抽出溶媒の使用量は、乾燥重量で表して藻類１００ｇあたり、約０．１リットル〜２０リットル、好ましくは約２リットル〜１０リットルであることを特徴とする、請求項４〜１５のいずれか１項に記載の使用。
前記藻類抽出物は、超臨界ＣＯ₂での抽出により得られていることを特徴とする、請求項１〜３のいずれか１項に記載の使用。
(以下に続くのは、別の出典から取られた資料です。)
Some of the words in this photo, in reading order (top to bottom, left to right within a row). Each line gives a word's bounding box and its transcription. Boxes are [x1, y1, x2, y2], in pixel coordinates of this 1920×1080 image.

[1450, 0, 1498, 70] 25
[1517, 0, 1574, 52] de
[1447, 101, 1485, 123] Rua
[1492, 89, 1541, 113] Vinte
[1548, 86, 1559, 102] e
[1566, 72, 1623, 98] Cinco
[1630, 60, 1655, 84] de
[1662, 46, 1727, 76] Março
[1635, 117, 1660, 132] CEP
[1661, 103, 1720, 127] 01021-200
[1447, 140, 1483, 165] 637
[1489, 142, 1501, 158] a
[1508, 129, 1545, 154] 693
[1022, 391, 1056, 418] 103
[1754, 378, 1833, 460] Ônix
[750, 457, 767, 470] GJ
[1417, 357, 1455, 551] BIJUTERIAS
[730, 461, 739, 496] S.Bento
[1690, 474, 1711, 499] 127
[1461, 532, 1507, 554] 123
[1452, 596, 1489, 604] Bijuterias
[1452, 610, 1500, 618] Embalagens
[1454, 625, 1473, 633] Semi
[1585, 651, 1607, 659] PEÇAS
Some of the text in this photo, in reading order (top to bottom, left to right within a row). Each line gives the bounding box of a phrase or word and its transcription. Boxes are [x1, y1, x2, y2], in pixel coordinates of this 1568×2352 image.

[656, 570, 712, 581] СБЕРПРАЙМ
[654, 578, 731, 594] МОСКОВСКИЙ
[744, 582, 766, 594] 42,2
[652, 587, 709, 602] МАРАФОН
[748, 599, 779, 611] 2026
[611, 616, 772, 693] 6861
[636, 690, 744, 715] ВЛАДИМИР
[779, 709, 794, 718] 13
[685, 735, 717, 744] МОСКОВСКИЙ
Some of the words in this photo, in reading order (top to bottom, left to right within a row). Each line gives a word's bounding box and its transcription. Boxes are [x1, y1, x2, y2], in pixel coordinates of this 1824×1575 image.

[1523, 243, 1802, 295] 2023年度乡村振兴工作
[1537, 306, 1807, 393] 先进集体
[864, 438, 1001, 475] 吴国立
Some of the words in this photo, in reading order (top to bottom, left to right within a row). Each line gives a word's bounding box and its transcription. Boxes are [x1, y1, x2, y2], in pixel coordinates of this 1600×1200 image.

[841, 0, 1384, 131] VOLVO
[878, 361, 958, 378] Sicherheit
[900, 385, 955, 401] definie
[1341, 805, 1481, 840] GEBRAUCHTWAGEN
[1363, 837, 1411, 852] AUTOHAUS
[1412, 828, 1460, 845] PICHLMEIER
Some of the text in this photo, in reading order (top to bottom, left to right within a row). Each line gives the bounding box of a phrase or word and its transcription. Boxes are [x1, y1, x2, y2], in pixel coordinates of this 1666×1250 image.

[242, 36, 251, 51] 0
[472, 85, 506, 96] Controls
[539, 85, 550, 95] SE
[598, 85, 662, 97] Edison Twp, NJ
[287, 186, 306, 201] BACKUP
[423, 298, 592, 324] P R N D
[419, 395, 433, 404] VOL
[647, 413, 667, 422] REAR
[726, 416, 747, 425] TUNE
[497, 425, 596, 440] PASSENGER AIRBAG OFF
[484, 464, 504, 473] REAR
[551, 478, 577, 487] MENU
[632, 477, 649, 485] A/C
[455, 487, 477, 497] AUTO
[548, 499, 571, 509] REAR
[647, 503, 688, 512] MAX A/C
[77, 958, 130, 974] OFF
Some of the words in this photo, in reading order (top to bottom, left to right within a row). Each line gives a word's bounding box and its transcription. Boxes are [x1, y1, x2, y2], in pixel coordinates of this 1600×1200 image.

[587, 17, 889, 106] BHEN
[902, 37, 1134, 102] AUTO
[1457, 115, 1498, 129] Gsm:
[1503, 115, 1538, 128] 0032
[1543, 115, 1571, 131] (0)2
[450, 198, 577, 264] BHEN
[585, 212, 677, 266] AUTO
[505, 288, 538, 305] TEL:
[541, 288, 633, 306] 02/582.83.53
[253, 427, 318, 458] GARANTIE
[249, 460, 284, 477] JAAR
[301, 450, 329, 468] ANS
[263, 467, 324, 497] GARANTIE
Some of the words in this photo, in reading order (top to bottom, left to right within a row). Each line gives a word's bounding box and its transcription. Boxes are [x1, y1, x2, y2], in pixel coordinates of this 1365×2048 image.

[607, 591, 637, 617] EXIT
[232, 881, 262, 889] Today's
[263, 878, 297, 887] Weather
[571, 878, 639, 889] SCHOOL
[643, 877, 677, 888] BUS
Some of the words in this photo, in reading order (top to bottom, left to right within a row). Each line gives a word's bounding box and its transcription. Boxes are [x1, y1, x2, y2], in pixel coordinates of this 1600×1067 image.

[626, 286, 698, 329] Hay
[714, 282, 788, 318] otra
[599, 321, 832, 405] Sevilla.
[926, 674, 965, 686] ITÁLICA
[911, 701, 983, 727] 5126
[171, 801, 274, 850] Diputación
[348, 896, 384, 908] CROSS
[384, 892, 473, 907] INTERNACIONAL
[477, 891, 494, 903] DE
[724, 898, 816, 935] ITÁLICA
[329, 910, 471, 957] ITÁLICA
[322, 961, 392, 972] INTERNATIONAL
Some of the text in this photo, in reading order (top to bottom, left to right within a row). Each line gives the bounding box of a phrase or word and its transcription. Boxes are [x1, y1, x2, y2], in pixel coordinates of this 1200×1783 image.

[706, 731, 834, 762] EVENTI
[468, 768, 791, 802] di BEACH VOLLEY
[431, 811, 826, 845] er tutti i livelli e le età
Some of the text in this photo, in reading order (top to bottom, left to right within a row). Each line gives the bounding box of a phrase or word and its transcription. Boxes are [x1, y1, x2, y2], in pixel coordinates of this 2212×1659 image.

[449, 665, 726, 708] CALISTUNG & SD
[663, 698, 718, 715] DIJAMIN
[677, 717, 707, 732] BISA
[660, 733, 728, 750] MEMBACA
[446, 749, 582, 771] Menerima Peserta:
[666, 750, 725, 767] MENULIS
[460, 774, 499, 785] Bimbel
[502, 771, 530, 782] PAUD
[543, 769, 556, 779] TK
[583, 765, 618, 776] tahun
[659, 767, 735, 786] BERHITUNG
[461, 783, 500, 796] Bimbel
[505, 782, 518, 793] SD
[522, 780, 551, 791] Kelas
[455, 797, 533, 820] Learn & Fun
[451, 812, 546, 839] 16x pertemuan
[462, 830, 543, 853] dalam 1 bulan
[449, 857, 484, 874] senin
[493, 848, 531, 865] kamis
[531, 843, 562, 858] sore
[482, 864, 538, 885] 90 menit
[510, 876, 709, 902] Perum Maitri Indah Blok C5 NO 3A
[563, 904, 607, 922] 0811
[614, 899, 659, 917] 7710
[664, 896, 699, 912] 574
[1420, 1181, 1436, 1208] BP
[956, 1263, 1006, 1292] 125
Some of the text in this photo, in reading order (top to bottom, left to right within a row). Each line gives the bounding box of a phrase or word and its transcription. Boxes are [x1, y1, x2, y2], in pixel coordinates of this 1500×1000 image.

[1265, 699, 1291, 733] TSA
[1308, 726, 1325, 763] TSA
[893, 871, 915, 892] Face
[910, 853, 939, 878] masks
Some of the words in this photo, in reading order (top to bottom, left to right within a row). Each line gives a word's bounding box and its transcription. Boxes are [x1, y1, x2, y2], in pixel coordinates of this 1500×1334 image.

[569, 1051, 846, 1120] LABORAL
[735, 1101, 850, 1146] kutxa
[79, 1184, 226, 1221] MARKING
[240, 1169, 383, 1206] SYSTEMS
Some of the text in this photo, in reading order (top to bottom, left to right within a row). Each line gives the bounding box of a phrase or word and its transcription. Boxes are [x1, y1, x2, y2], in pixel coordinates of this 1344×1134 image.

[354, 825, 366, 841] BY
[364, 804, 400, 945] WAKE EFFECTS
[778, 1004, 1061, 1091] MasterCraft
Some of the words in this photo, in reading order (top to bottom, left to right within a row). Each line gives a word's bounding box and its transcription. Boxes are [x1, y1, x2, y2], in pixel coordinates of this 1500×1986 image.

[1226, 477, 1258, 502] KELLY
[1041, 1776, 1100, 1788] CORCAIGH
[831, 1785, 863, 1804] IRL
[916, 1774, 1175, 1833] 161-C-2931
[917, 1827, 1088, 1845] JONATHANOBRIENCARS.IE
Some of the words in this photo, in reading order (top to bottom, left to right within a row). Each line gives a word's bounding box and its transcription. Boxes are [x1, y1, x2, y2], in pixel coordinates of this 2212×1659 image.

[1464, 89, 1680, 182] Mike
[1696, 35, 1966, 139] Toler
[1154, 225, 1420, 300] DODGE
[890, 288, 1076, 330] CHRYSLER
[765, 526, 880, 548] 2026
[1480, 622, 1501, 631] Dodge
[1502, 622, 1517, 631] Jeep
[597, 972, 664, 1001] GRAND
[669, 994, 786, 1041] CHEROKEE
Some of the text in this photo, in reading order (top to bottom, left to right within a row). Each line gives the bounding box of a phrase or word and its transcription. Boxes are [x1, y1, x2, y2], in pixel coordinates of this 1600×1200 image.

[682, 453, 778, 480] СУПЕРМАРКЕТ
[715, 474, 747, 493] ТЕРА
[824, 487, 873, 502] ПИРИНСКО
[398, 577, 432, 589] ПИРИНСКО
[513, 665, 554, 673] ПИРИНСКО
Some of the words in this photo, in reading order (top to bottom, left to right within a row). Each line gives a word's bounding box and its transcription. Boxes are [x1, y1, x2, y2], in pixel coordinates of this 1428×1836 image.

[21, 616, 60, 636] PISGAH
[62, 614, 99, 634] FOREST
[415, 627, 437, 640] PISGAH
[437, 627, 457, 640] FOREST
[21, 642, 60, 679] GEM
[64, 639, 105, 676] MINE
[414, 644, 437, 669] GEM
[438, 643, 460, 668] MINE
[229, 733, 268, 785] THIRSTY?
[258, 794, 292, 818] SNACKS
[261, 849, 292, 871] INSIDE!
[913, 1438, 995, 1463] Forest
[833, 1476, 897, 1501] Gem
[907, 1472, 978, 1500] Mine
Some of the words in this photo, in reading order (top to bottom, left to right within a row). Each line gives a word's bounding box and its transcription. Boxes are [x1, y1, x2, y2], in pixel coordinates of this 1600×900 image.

ＵＶ曝露の有害な影響から皮膚を保護するための、または皮膚老化の影響を予防し、かつ／または遅らせるための、皮膚細胞、特にケラチン生成細胞、線維芽細胞、またはメラニン細胞（好ましくはヒト）のプロテアソーム活性を促進する化粧用組成物であって、化粧用活性薬剤として、藻類フェオダクチラム、特に藻類フェオダクチラム・トリコルヌーツムの抽出物を、随意に化粧用として許容可能な賦形剤中に含むことを特徴とする、化粧用組成物。
前記抽出物は、請求項４〜１７のいずれか１項に定義されるとおりであり、かつ請求項３に定義されるとおりの濃度で前記組成物中に存在することを特徴とする、請求項１８に記載の組成物。
化粧品スキンケアの方法であって、それを必要としている人の皮膚の適切な範囲に、請求項１〜１７のいずれか１項に定義されるとおりの化粧的有効量の藻類抽出物を、請求項１８または１９に定義されるとおりの組成物の形態で局所塗布することを含み、該スキンケアは、好ましくは紫外線曝露前の予防的ケア、または紫外線曝露後の回復的ケアであることを特徴とする、化粧品スキンケアの方法。